ACTIVITY :: The listing below has to be output exactly as given, less its pictures.

ENTRIES SHOWN ::

※ ※ ※

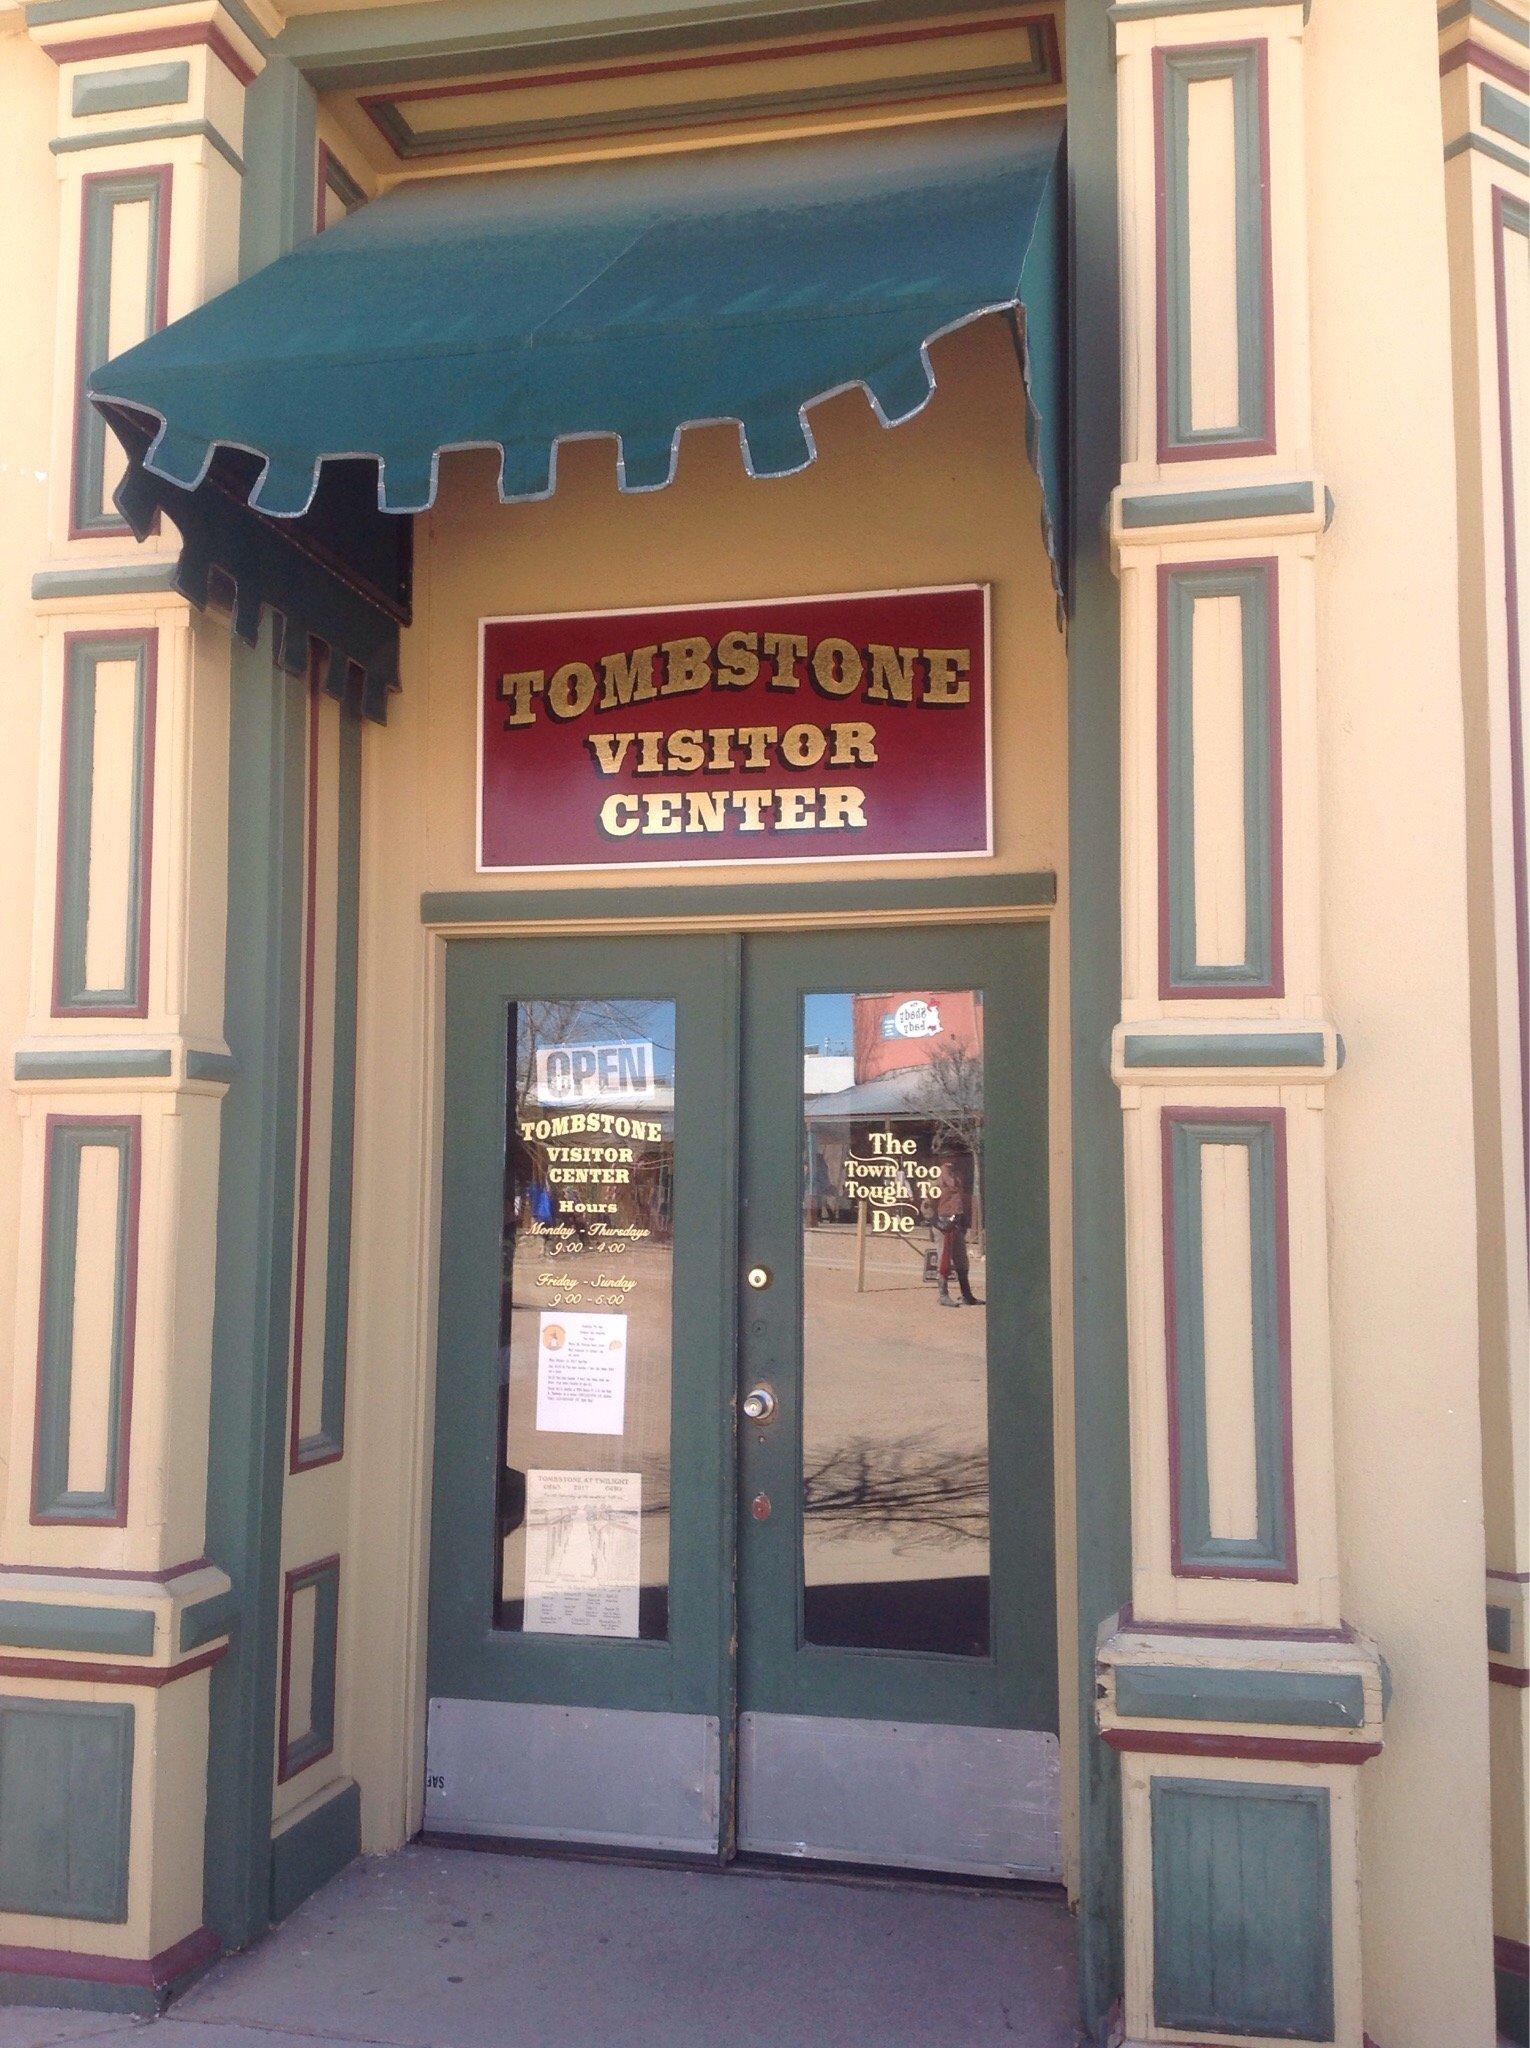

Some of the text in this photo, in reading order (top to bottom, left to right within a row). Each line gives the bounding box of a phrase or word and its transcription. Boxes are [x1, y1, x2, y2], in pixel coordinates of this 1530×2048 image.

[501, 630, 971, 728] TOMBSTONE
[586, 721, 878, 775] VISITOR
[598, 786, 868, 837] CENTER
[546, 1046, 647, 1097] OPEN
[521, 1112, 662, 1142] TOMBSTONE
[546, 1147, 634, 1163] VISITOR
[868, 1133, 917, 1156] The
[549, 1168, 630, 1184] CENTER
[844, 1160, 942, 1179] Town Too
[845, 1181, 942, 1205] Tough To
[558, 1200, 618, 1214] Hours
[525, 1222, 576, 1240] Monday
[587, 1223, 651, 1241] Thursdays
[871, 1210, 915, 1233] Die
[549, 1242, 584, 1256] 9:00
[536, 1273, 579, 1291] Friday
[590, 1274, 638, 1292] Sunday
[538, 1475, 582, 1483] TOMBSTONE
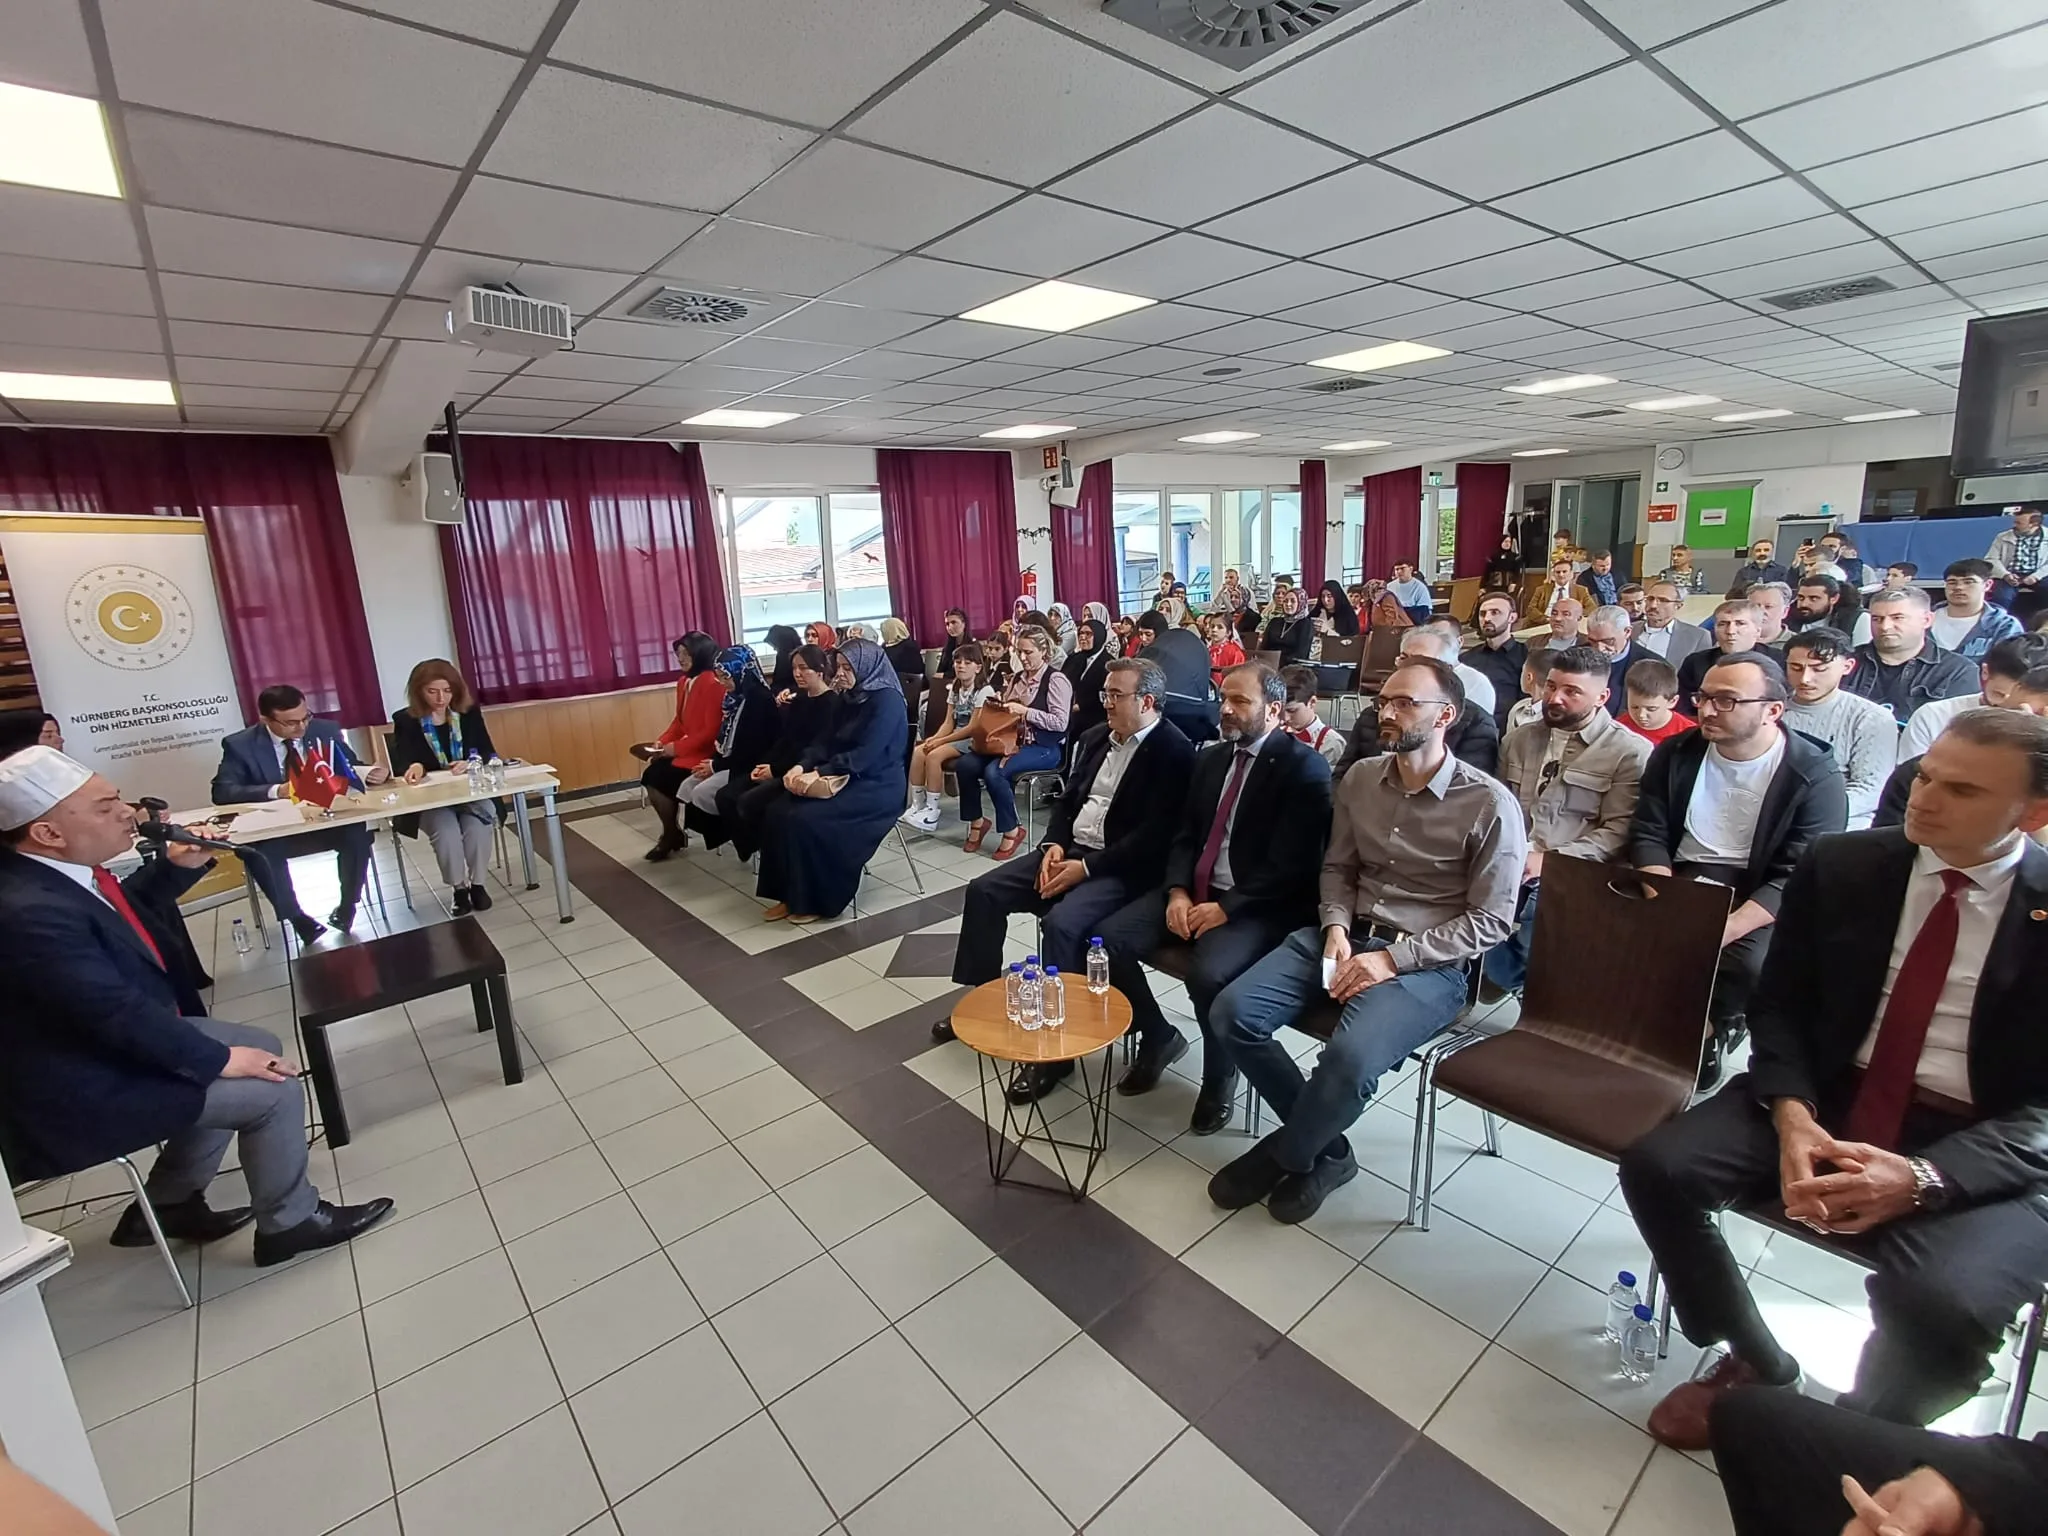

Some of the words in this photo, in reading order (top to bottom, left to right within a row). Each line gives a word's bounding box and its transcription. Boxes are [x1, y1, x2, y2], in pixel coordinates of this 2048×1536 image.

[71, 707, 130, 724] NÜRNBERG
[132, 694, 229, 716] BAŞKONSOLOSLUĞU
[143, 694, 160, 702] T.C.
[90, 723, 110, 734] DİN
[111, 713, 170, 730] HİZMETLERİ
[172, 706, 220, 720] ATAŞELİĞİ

※ ※ ※

TASK RESULT ::
Some of the text in this photo, in reading order (top to bottom, left to right within a row). Each line gives the bounding box of a phrase or word and its transcription. Boxes are [x1, y1, x2, y2], in pixel coordinates of this 1530×2048 image.

[501, 630, 971, 728] TOMBSTONE
[586, 721, 878, 775] VISITOR
[598, 786, 868, 837] CENTER
[546, 1046, 647, 1097] OPEN
[521, 1112, 662, 1142] TOMBSTONE
[546, 1147, 634, 1163] VISITOR
[868, 1133, 917, 1156] The
[549, 1168, 630, 1184] CENTER
[844, 1160, 942, 1179] Town Too
[845, 1181, 942, 1205] Tough To
[558, 1200, 618, 1214] Hours
[525, 1222, 576, 1240] Monday
[587, 1223, 651, 1241] Thursdays
[871, 1210, 915, 1233] Die
[549, 1242, 584, 1256] 9:00
[536, 1273, 579, 1291] Friday
[590, 1274, 638, 1292] Sunday
[538, 1475, 582, 1483] TOMBSTONE

Some of the words in this photo, in reading order (top to bottom, left to right within a row). Each line gives a word's bounding box and its transcription. Boxes are [x1, y1, x2, y2], in pixel coordinates of this 2048×1536 image.

[71, 707, 130, 724] NÜRNBERG
[132, 694, 229, 716] BAŞKONSOLOSLUĞU
[143, 694, 160, 702] T.C.
[90, 723, 110, 734] DİN
[111, 713, 170, 730] HİZMETLERİ
[172, 706, 220, 720] ATAŞELİĞİ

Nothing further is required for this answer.